To steal E3's slogan, gaming will be the industry where VR/AR advancements are made. Many talented programmers are already hard at work to improve upon and attempt to replicate Pokémon Go's success. The skills they are learning as they work can be easily transferred to other industry verticals. Likewise, gaming will break through many of the barriers currently imposing on VR/AR design.

Movement, for example, is an unsolved issue in a VR experience. Teleportation is the common solution but this lacks immersion and is counter-intuitive to the nature of the platform. It is popular because it does not create nausea or dizziness that still plagues VR user experience. Nevertheless, VR users will walk and then run - and it will happen in gaming first. Survios' Sprint Vector is a VR game where users run at full speeds (without actually running) and do not throw up. Its climbing mechanics, at least in the early build, need work, but this does not dull Sprint Vector's achievement.

This gaming-lead innovation will be passed into other industries. Training programs in VR will improve dramatically once users are able to move freely without fear of nausea. The same is true for VR design and architecture applications.

Controller interfaces like the Vive Wand and Oculus Touch also owe much to gaming, as both of their designs were inspired by advances in the console gaming controls (the Wii remote can be seen as a Wand ancestor). Many of the ongoing haptic technology experiments are occurring hand-in-hand with game experiences designed to use that content. Gaming is being used as a testing tool and as a proof-of-concept.

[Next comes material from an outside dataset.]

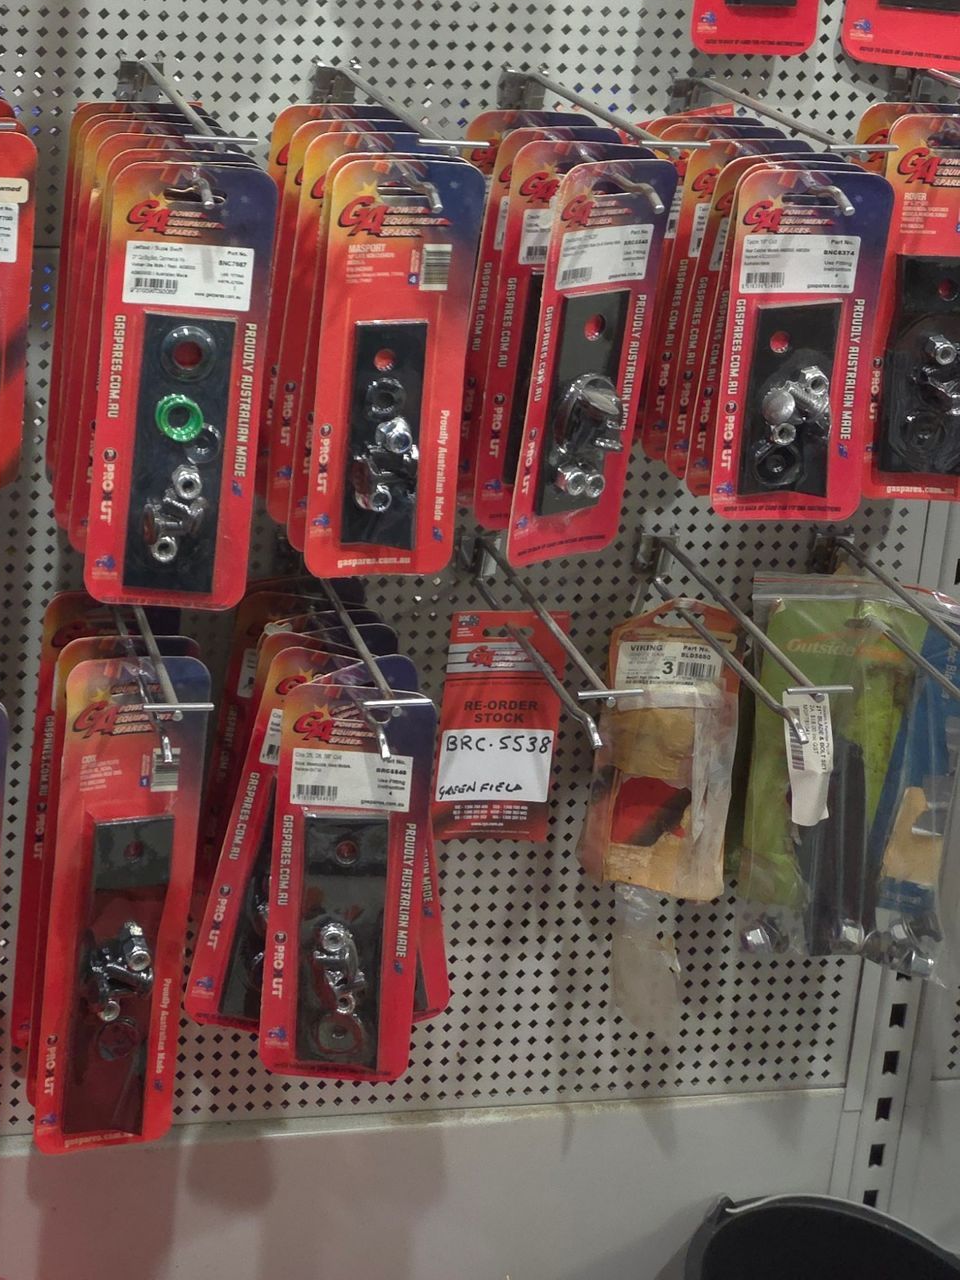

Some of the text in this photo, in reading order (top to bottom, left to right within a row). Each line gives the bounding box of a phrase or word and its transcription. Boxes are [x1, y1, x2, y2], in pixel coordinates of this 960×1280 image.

Gaming is not a simple distraction. It is a virtual arena where users can polish different skills while acquiring new traits. Not all games are created equal and thus not all can be used in the ways described above. That said, it is not as isolated a field as many businesses like to pretend. VR/AR are going to blur the lines even further. Expect the most talented VR experience users, as well as the best developers, to have a background in gaming.